王家と縁続きをアピールするため、統治方法も王家直轄領に合わせていたのさ。

ところが、王家は首都があって税率が低くても余裕がある。

そうでない領地だと赤字ではないが…贅沢はできないさね」


 ベタすぎて何の感慨も湧かない。


「話が浅すぎて興ざめしますね。

賊の稼ぎをピンハネしているのでしょう」


「アタリはついていたが証拠はない…というより領主の近辺は捜査できない。

そのことをリュカに臭わせると、真っすぐに領主に詰め寄るのが目に見えていたからね。

そのことは知らせずにいたさ」


 そもそも騎士にそんな犯罪調査は不向きだろう。

 能力の問題ではない。

 組織的に適正がないだけだ。


「騎士は基本、敵と戦う者ですからね。

犯罪捜査は向かないでしょう。

プランケット殿は別でしょうが」


「ま、そこは否定しないがね…。

リュカは義憤に駆られて、民の窮状を放置できなかった。

ところが戦う以外は不得手だからね。

できることと言えば、可能な限り急いで駆けつけるだけさ」


「それだけで満足するとは思えません。

他に何をしたのですか?」


「被害が大きい村があってね、そこの復興の手伝いを始めたのさ。

そのうちリュカはすっかり情が移ってしまってね。

アタシは肩入れしすぎるなとは言った。

ところが、民を守れない上に見捨てることはできないと言い張ってね。

現実を教えても、理想が勝つ。

だからリュカの好きなようにさせたよ」


「それで、落ち着いたのですか?」


 マガリ性悪婆が重苦しいため息をついた。


「気を紛らわせることはできたさね。

そんなときに領主が欲をかきすぎて、騒ぎが起きたのさ」


 余りに馬鹿馬鹿しさに、俺の口調も素っ気なくなる。


「ピンハネの額を倍増でもしましたか」


 マガリ性悪婆が笑いだした。


「甘いね…三倍だよ。

領主が夢中になった未亡人がいてね。

その女に貢ぐ宝石を買うための金策さ。

金貨100枚はくだらない、豪華なものを贈るつもりだったみたいだね」


 余計ひどかったが、想定内の動機だ…あきれはするが驚くには値しない。


「賊からすれば、リスクとリターンが釣り合わないでしょう」


 賊も人間だ、つまり食うために襲撃をしている。

 マガリ性悪婆が笑いを止めて無表情になった。


「そうしたら、領主が騎士団を派遣して討伐を臭わせたのさ」


 どれだけの期間、ピンハネをしていたのか謎だが…。

 長く続いたら賊の勢力が増して制御不可能になるぞ。


「賊の勢力は鎮圧可能な規模ですか?」


「可能と言えば可能だが…こっちの被害もバカにならないね。

それで賊がブチ切れてね。

払っても大損、払わなくても討伐だからね。

もはやこれまで…とやけになって、今までの領主とのつながりをバラしたのさ。

当然…民衆は激怒して、各地で反乱祭り。

その混乱に乗じて、賊が領主の館を襲撃してきたんだよ。

なかなか知恵が回るじゃないか」


 狙ったのか、ヤケクソが生んだ偶然かは不明だがな…。


「賊の撃退はできたのでしょう。
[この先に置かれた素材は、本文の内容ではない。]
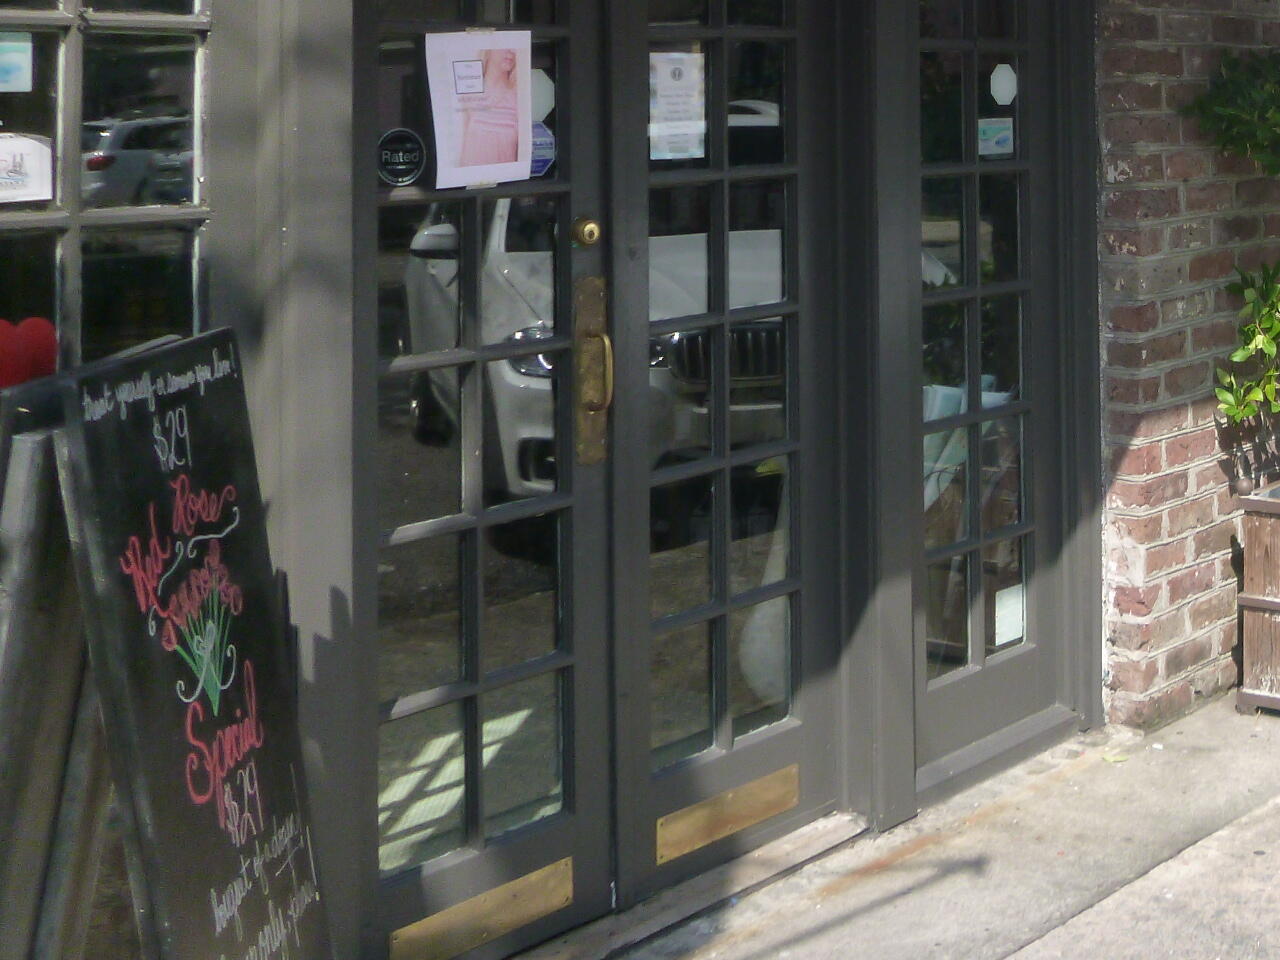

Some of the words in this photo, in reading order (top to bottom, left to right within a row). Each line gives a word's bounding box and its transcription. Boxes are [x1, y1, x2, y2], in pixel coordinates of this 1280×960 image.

」


 マガリ性悪婆は静かにうなずいた。


「ただ…リュカが入れ込んでいた村に問題がでた。

騎士が入れ込んでいたその村は、領主とつながっていると噂が広まってね。

暴徒たちに襲撃されたのさ。

リュカは真っ先に出て行こうとしたが、まずは主君を守るのが先だと言って止めたよ。

領主の館が攻撃を受けているのに、一つの村を優先しては駄目だと言ってね」


 確かに…勝手な個人的感情で優先順位は決められない。


「リュカさんはどこまで我慢できたのですか?」


 マガリ性悪婆が静かに目をつむった。

 いつもの嫌な婆ではなく、そのときだけは疲れ切ったただの老婆だった。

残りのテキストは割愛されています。